= Supplied entries =
____

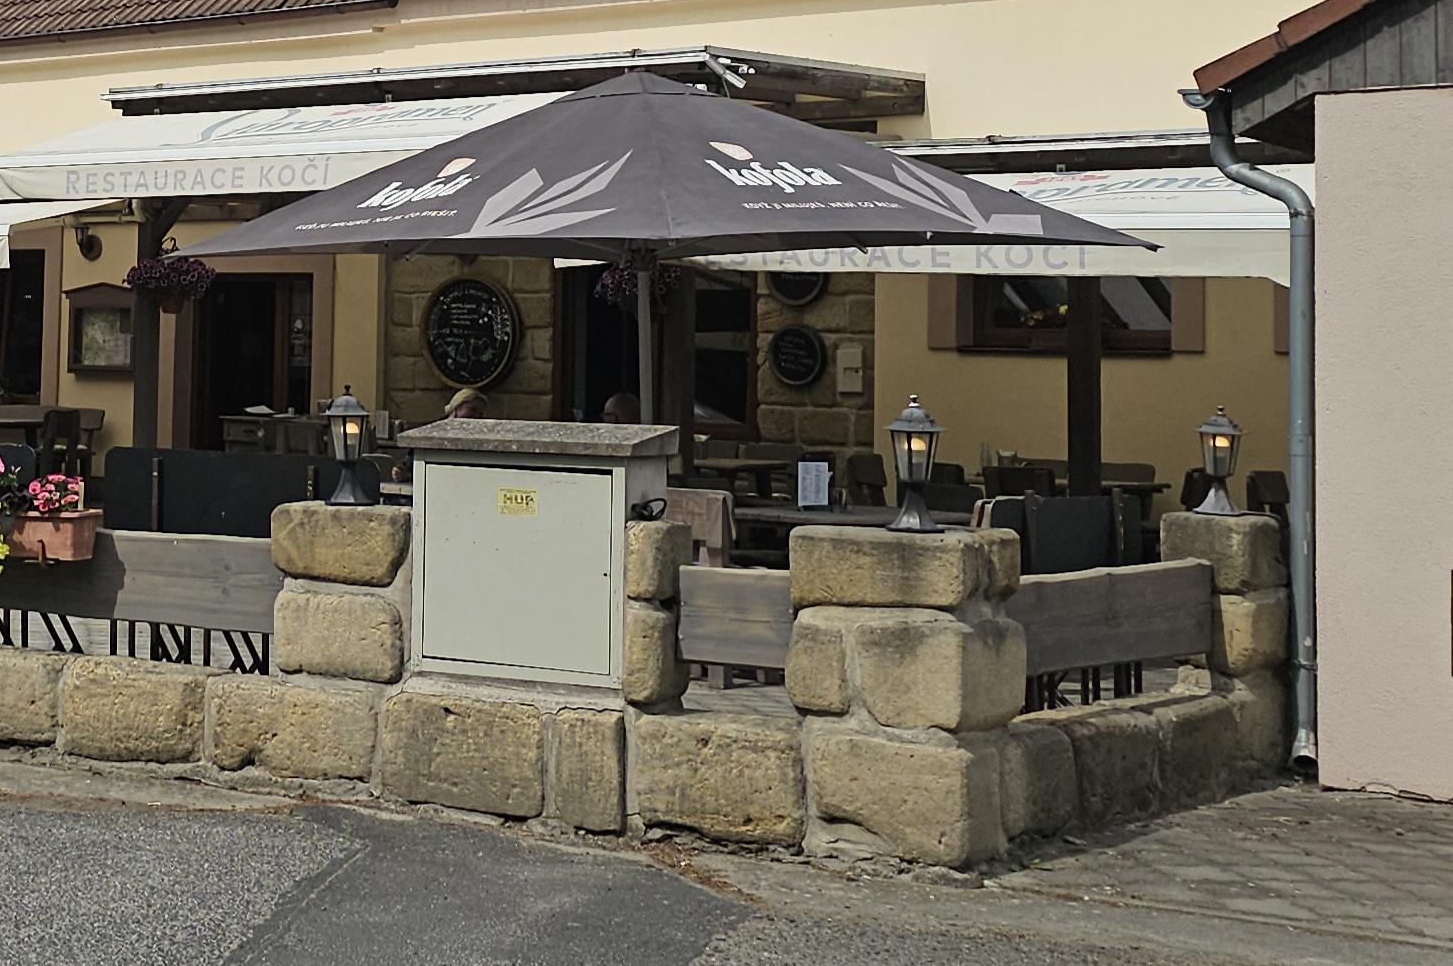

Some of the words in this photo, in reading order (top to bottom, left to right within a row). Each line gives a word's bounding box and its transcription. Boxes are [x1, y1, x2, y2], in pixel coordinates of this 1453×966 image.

[66, 166, 246, 195] RESTAURACE
[259, 156, 333, 188] KOČÍ
[356, 173, 474, 212] kofola
[704, 159, 843, 194] kofola
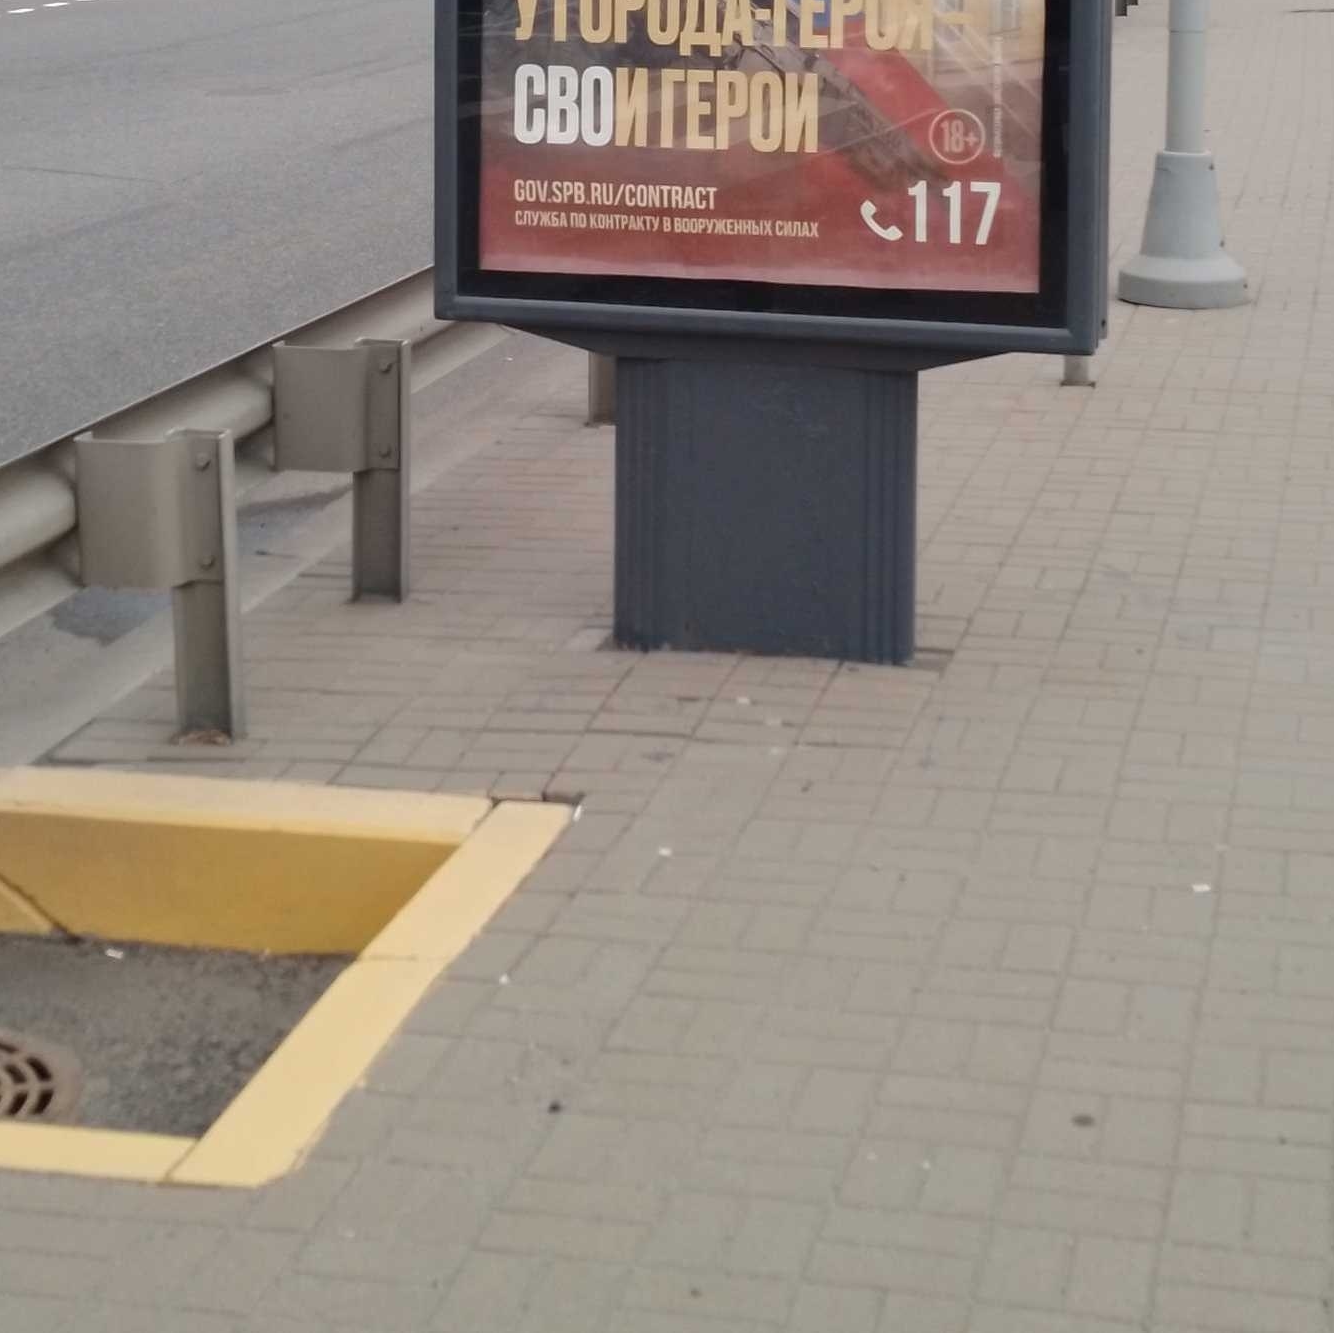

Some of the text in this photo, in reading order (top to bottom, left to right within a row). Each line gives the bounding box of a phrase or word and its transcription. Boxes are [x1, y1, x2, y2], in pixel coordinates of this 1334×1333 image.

[514, 64, 818, 153] СВОИ ГЕРОИ
[938, 119, 980, 155] 18+
[514, 179, 717, 210] GOV.SPB.RU/CONTRACT
[515, 210, 820, 238] СЛУЖБА ПО КОНТРАКТУ В ВООРУЖЕННЫХ СИЛАХ
[908, 181, 1002, 246] 117
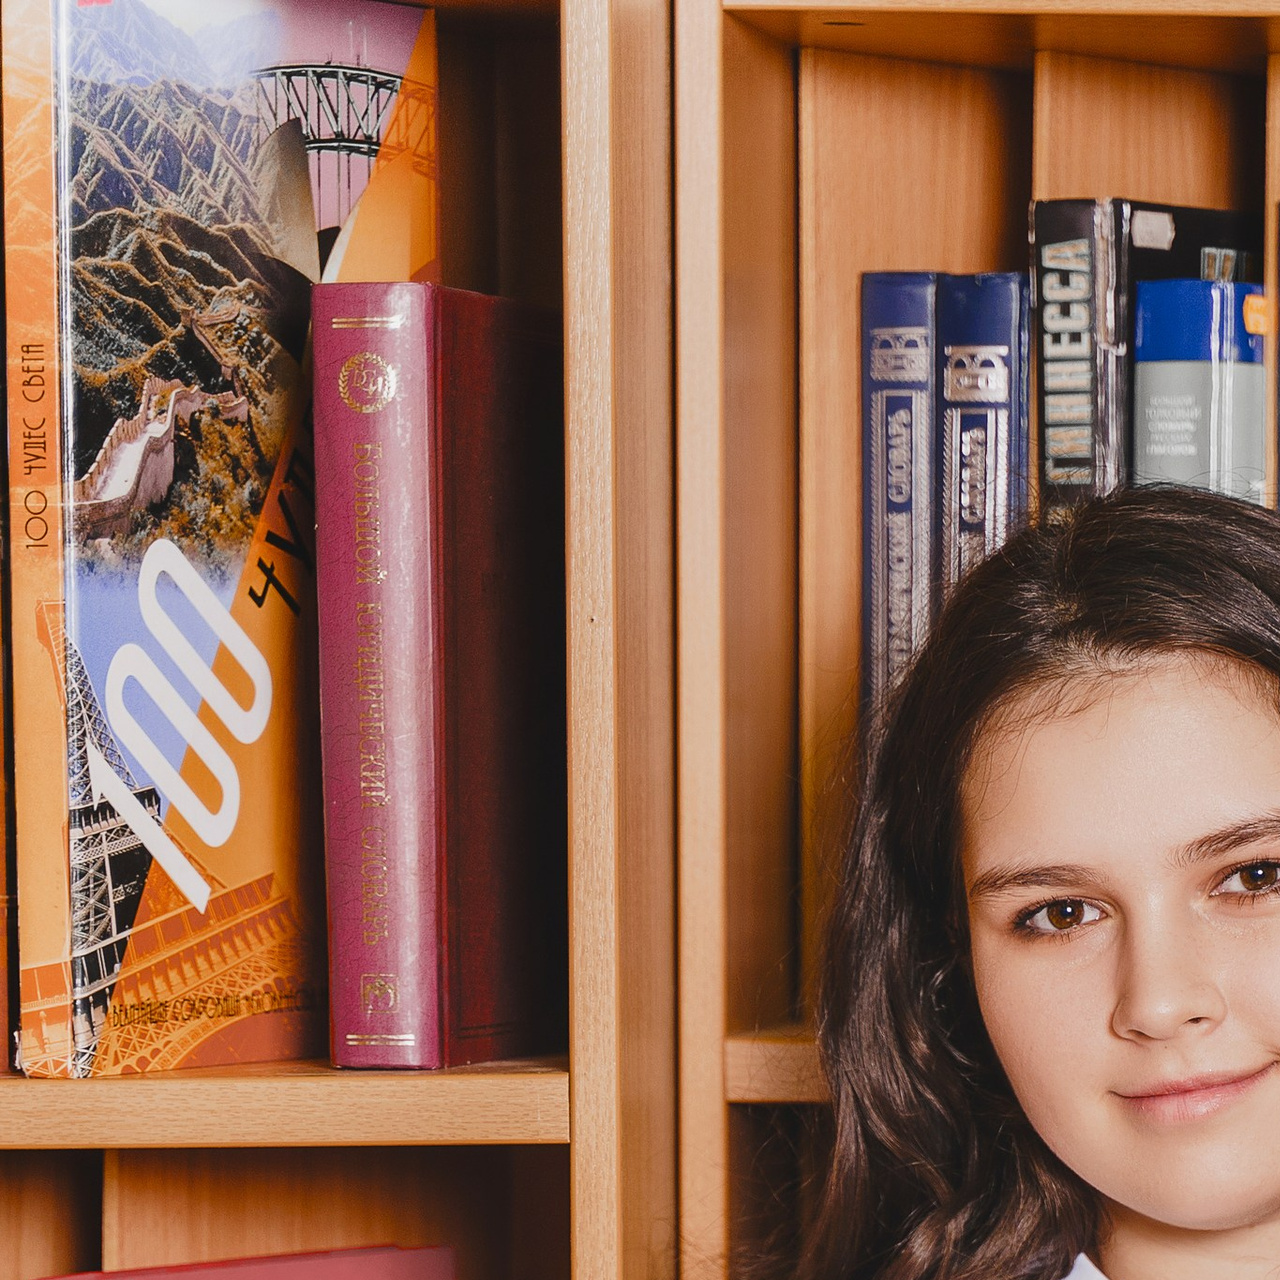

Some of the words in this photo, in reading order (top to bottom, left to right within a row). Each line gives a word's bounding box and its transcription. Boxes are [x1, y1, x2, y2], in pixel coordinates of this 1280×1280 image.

[21, 343, 46, 403] СВЕТА
[23, 417, 47, 476] ЧУДЕС
[24, 490, 49, 549] 100
[353, 441, 388, 586] БОЛЬШОЙ
[85, 538, 273, 915] 100
[356, 600, 391, 809] ЮРИДИЧЕСКИЙ
[360, 825, 390, 947] СЛОВАРЬ
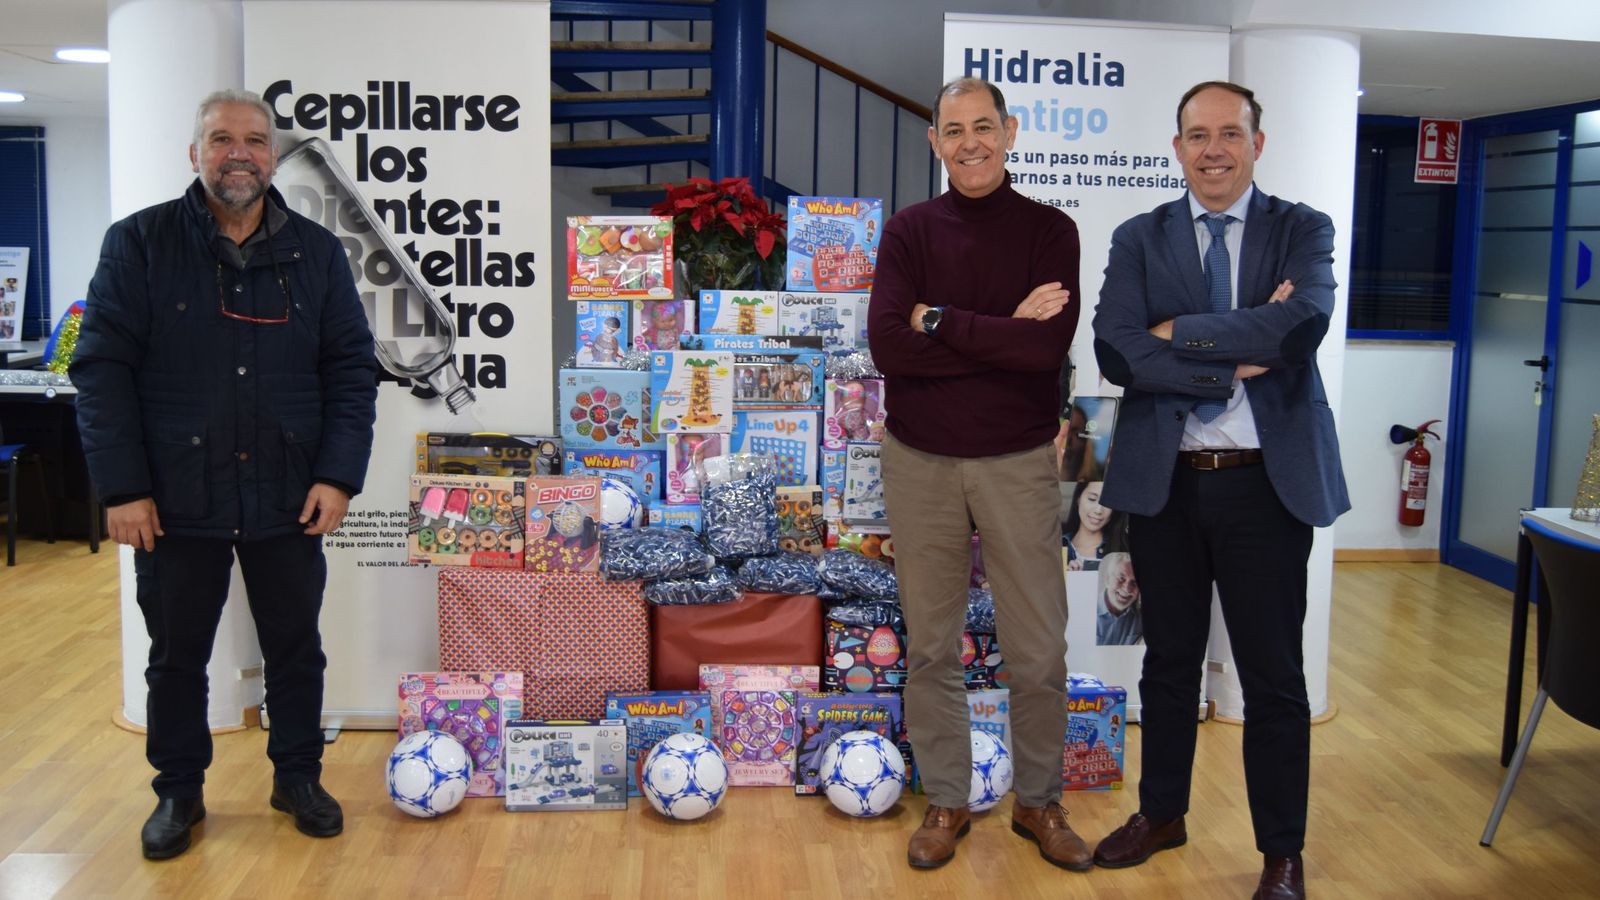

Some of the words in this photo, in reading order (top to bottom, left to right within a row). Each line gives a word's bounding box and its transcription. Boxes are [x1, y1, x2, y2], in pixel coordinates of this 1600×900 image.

____

Write out every record exactly. Leave the pictures out.

= Response area =
Some of the words in this photo, in reading order (top to bottom, left to right within a row). Each line gives a word's bounding box and its transcription. Boxes are [x1, y1, x2, y2], in pixel coordinates of this 1453×966 image.

[66, 166, 246, 195] RESTAURACE
[259, 156, 333, 188] KOČÍ
[356, 173, 474, 212] kofola
[704, 159, 843, 194] kofola

Some of the text in this photo, in reading order (top to bottom, left to right within a row). Each line gives the bounding box of a phrase or word and its transcription. Boxes are [x1, y1, x2, y2], in pixel coordinates of this 1334×1333 image.

[514, 64, 818, 153] СВОИ ГЕРОИ
[938, 119, 980, 155] 18+
[514, 179, 717, 210] GOV.SPB.RU/CONTRACT
[515, 210, 820, 238] СЛУЖБА ПО КОНТРАКТУ В ВООРУЖЕННЫХ СИЛАХ
[908, 181, 1002, 246] 117

Some of the words in this photo, in reading order (top to bottom, left to right within a row). Each line gives a word's bounding box and its transcription. Boxes are [x1, y1, x2, y2], in pixel coordinates of this 1280×1280 image.

[21, 343, 46, 403] СВЕТА
[23, 417, 47, 476] ЧУДЕС
[24, 490, 49, 549] 100
[353, 441, 388, 586] БОЛЬШОЙ
[85, 538, 273, 915] 100
[356, 600, 391, 809] ЮРИДИЧЕСКИЙ
[360, 825, 390, 947] СЛОВАРЬ

Some of the words in this photo, in reading order (top to bottom, left to right within a row). Each line gives a word's bounding box and its transcription. Boxes are [x1, y1, x2, y2], in pixel coordinates of this 1600×900 image.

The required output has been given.